● **Problem requirements**
All entries must be transcribed without a single difference.

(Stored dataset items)
————————

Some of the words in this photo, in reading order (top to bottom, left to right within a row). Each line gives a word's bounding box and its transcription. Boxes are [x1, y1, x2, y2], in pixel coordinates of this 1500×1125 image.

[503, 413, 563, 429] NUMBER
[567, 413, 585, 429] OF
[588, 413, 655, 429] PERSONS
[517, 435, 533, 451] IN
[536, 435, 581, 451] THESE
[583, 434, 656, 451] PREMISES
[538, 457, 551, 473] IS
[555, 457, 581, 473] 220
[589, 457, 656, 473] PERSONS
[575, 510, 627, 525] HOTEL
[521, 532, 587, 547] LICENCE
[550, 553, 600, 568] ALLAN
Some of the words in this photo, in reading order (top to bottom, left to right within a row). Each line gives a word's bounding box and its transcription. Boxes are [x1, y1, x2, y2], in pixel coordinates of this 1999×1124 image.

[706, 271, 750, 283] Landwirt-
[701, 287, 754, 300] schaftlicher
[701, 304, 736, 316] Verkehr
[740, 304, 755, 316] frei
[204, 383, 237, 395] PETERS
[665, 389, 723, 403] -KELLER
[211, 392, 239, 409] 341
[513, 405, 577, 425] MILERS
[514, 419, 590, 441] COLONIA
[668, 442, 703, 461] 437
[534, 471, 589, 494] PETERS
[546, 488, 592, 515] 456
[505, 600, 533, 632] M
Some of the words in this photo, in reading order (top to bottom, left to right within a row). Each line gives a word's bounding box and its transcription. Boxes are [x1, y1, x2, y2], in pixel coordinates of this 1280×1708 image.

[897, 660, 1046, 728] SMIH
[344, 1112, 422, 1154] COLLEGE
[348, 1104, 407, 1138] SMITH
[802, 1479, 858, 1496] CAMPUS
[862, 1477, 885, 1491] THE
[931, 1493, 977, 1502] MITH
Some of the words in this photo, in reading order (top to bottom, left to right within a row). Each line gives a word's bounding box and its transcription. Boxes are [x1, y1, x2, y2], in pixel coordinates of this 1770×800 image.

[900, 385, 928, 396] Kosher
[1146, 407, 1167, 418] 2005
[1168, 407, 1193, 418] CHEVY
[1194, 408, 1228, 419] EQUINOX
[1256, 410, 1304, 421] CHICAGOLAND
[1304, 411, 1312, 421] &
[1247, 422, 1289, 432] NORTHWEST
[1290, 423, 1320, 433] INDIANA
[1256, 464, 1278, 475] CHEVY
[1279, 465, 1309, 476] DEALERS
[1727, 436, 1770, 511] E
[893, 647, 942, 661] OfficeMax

————————

● **Written solution**
Some of the words in this photo, in reading order (top to bottom, left to right within a row). Each line gives a word's bounding box and its transcription. Boxes are [x1, y1, x2, y2], in pixel coordinates of this 1500×1125 image.

[503, 413, 563, 429] NUMBER
[567, 413, 585, 429] OF
[588, 413, 655, 429] PERSONS
[517, 435, 533, 451] IN
[536, 435, 581, 451] THESE
[583, 434, 656, 451] PREMISES
[538, 457, 551, 473] IS
[555, 457, 581, 473] 220
[589, 457, 656, 473] PERSONS
[575, 510, 627, 525] HOTEL
[521, 532, 587, 547] LICENCE
[550, 553, 600, 568] ALLAN
Some of the words in this photo, in reading order (top to bottom, left to right within a row). Each line gives a word's bounding box and its transcription. Boxes are [x1, y1, x2, y2], in pixel coordinates of this 1999×1124 image.

[706, 271, 750, 283] Landwirt-
[701, 287, 754, 300] schaftlicher
[701, 304, 736, 316] Verkehr
[740, 304, 755, 316] frei
[204, 383, 237, 395] PETERS
[665, 389, 723, 403] -KELLER
[211, 392, 239, 409] 341
[513, 405, 577, 425] MILERS
[514, 419, 590, 441] COLONIA
[668, 442, 703, 461] 437
[534, 471, 589, 494] PETERS
[546, 488, 592, 515] 456
[505, 600, 533, 632] M
Some of the words in this photo, in reading order (top to bottom, left to right within a row). Each line gives a word's bounding box and its transcription. Boxes are [x1, y1, x2, y2], in pixel coordinates of this 1280×1708 image.

[897, 660, 1046, 728] SMIH
[344, 1112, 422, 1154] COLLEGE
[348, 1104, 407, 1138] SMITH
[802, 1479, 858, 1496] CAMPUS
[862, 1477, 885, 1491] THE
[931, 1493, 977, 1502] MITH
Some of the words in this photo, in reading order (top to bottom, left to right within a row). Each line gives a word's bounding box and its transcription. Boxes are [x1, y1, x2, y2], in pixel coordinates of this 1770×800 image.

[900, 385, 928, 396] Kosher
[1146, 407, 1167, 418] 2005
[1168, 407, 1193, 418] CHEVY
[1194, 408, 1228, 419] EQUINOX
[1256, 410, 1304, 421] CHICAGOLAND
[1304, 411, 1312, 421] &
[1247, 422, 1289, 432] NORTHWEST
[1290, 423, 1320, 433] INDIANA
[1256, 464, 1278, 475] CHEVY
[1279, 465, 1309, 476] DEALERS
[1727, 436, 1770, 511] E
[893, 647, 942, 661] OfficeMax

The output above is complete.